Dataset entries:
_ _ _

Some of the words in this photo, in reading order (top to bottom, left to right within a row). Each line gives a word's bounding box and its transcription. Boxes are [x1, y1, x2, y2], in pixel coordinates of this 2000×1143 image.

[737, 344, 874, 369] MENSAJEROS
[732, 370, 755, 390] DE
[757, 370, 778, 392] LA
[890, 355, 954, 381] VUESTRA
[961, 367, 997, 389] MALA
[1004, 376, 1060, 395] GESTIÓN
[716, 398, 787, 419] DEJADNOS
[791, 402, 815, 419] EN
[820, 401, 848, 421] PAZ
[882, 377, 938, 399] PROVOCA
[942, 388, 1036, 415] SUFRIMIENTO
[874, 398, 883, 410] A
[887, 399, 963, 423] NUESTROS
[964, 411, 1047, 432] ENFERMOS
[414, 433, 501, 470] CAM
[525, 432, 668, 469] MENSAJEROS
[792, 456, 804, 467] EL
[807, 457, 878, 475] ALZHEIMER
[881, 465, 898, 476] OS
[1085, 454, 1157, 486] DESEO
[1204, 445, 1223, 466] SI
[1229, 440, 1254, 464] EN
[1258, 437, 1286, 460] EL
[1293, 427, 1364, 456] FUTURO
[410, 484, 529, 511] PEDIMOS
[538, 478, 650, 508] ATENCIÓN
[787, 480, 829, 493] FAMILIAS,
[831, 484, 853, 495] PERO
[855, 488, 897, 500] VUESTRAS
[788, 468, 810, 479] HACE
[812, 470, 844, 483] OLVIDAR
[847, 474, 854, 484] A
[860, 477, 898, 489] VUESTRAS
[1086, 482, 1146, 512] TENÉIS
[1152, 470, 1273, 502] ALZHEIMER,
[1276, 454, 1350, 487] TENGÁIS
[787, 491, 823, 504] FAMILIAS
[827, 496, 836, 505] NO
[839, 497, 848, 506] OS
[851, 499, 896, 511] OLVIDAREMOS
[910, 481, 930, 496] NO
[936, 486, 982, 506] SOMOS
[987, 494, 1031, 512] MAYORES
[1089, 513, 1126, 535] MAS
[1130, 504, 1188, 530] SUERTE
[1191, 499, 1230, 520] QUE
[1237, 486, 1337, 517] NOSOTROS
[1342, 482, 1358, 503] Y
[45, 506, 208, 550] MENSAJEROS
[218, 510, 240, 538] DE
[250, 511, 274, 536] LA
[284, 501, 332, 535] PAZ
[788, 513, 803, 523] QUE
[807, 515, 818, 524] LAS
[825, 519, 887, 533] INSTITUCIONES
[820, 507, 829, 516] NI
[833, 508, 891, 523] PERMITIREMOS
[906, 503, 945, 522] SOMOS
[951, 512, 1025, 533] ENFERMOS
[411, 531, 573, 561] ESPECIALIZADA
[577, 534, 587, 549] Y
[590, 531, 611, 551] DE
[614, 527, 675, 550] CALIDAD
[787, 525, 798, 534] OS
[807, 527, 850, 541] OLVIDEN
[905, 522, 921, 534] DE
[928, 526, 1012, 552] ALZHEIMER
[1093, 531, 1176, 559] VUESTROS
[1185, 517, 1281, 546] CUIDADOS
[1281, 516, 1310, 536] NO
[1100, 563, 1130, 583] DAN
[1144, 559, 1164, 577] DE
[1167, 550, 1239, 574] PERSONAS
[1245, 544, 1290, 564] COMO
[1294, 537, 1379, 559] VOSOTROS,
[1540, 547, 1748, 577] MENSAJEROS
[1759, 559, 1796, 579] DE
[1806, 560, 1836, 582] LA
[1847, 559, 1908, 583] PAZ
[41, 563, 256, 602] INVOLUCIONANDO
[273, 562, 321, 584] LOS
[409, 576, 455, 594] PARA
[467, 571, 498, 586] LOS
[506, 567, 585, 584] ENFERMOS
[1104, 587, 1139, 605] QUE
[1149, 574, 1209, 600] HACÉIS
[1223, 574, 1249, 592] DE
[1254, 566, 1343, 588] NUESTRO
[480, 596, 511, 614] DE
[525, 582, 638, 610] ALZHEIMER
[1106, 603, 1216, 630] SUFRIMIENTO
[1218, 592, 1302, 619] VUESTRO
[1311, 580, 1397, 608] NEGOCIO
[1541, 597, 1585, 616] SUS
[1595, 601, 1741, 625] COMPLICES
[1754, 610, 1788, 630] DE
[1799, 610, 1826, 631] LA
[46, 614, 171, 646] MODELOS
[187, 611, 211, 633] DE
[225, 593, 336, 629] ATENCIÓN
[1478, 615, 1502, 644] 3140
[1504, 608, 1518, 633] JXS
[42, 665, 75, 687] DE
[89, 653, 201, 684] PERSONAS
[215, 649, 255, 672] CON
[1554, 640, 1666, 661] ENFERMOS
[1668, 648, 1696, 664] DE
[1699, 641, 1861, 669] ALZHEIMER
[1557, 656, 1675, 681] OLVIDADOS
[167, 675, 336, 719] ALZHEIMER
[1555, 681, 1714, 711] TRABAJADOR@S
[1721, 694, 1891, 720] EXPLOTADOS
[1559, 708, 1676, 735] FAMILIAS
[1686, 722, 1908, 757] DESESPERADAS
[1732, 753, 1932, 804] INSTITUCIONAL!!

_ _ _

* _WHAT THE EXERCISE ASKS_: Output each entry exactly as written, leaving none out.

* _ANSWER SECTION_:
Some of the words in this photo, in reading order (top to bottom, left to right within a row). Each line gives a word's bounding box and its transcription. Boxes are [x1, y1, x2, y2], in pixel coordinates of this 2000×1143 image.

[737, 344, 874, 369] MENSAJEROS
[732, 370, 755, 390] DE
[757, 370, 778, 392] LA
[890, 355, 954, 381] VUESTRA
[961, 367, 997, 389] MALA
[1004, 376, 1060, 395] GESTIÓN
[716, 398, 787, 419] DEJADNOS
[791, 402, 815, 419] EN
[820, 401, 848, 421] PAZ
[882, 377, 938, 399] PROVOCA
[942, 388, 1036, 415] SUFRIMIENTO
[874, 398, 883, 410] A
[887, 399, 963, 423] NUESTROS
[964, 411, 1047, 432] ENFERMOS
[414, 433, 501, 470] CAM
[525, 432, 668, 469] MENSAJEROS
[792, 456, 804, 467] EL
[807, 457, 878, 475] ALZHEIMER
[881, 465, 898, 476] OS
[1085, 454, 1157, 486] DESEO
[1204, 445, 1223, 466] SI
[1229, 440, 1254, 464] EN
[1258, 437, 1286, 460] EL
[1293, 427, 1364, 456] FUTURO
[410, 484, 529, 511] PEDIMOS
[538, 478, 650, 508] ATENCIÓN
[787, 480, 829, 493] FAMILIAS,
[831, 484, 853, 495] PERO
[855, 488, 897, 500] VUESTRAS
[788, 468, 810, 479] HACE
[812, 470, 844, 483] OLVIDAR
[847, 474, 854, 484] A
[860, 477, 898, 489] VUESTRAS
[1086, 482, 1146, 512] TENÉIS
[1152, 470, 1273, 502] ALZHEIMER,
[1276, 454, 1350, 487] TENGÁIS
[787, 491, 823, 504] FAMILIAS
[827, 496, 836, 505] NO
[839, 497, 848, 506] OS
[851, 499, 896, 511] OLVIDAREMOS
[910, 481, 930, 496] NO
[936, 486, 982, 506] SOMOS
[987, 494, 1031, 512] MAYORES
[1089, 513, 1126, 535] MAS
[1130, 504, 1188, 530] SUERTE
[1191, 499, 1230, 520] QUE
[1237, 486, 1337, 517] NOSOTROS
[1342, 482, 1358, 503] Y
[45, 506, 208, 550] MENSAJEROS
[218, 510, 240, 538] DE
[250, 511, 274, 536] LA
[284, 501, 332, 535] PAZ
[788, 513, 803, 523] QUE
[807, 515, 818, 524] LAS
[825, 519, 887, 533] INSTITUCIONES
[820, 507, 829, 516] NI
[833, 508, 891, 523] PERMITIREMOS
[906, 503, 945, 522] SOMOS
[951, 512, 1025, 533] ENFERMOS
[411, 531, 573, 561] ESPECIALIZADA
[577, 534, 587, 549] Y
[590, 531, 611, 551] DE
[614, 527, 675, 550] CALIDAD
[787, 525, 798, 534] OS
[807, 527, 850, 541] OLVIDEN
[905, 522, 921, 534] DE
[928, 526, 1012, 552] ALZHEIMER
[1093, 531, 1176, 559] VUESTROS
[1185, 517, 1281, 546] CUIDADOS
[1281, 516, 1310, 536] NO
[1100, 563, 1130, 583] DAN
[1144, 559, 1164, 577] DE
[1167, 550, 1239, 574] PERSONAS
[1245, 544, 1290, 564] COMO
[1294, 537, 1379, 559] VOSOTROS,
[1540, 547, 1748, 577] MENSAJEROS
[1759, 559, 1796, 579] DE
[1806, 560, 1836, 582] LA
[1847, 559, 1908, 583] PAZ
[41, 563, 256, 602] INVOLUCIONANDO
[273, 562, 321, 584] LOS
[409, 576, 455, 594] PARA
[467, 571, 498, 586] LOS
[506, 567, 585, 584] ENFERMOS
[1104, 587, 1139, 605] QUE
[1149, 574, 1209, 600] HACÉIS
[1223, 574, 1249, 592] DE
[1254, 566, 1343, 588] NUESTRO
[480, 596, 511, 614] DE
[525, 582, 638, 610] ALZHEIMER
[1106, 603, 1216, 630] SUFRIMIENTO
[1218, 592, 1302, 619] VUESTRO
[1311, 580, 1397, 608] NEGOCIO
[1541, 597, 1585, 616] SUS
[1595, 601, 1741, 625] COMPLICES
[1754, 610, 1788, 630] DE
[1799, 610, 1826, 631] LA
[46, 614, 171, 646] MODELOS
[187, 611, 211, 633] DE
[225, 593, 336, 629] ATENCIÓN
[1478, 615, 1502, 644] 3140
[1504, 608, 1518, 633] JXS
[42, 665, 75, 687] DE
[89, 653, 201, 684] PERSONAS
[215, 649, 255, 672] CON
[1554, 640, 1666, 661] ENFERMOS
[1668, 648, 1696, 664] DE
[1699, 641, 1861, 669] ALZHEIMER
[1557, 656, 1675, 681] OLVIDADOS
[167, 675, 336, 719] ALZHEIMER
[1555, 681, 1714, 711] TRABAJADOR@S
[1721, 694, 1891, 720] EXPLOTADOS
[1559, 708, 1676, 735] FAMILIAS
[1686, 722, 1908, 757] DESESPERADAS
[1732, 753, 1932, 804] INSTITUCIONAL!!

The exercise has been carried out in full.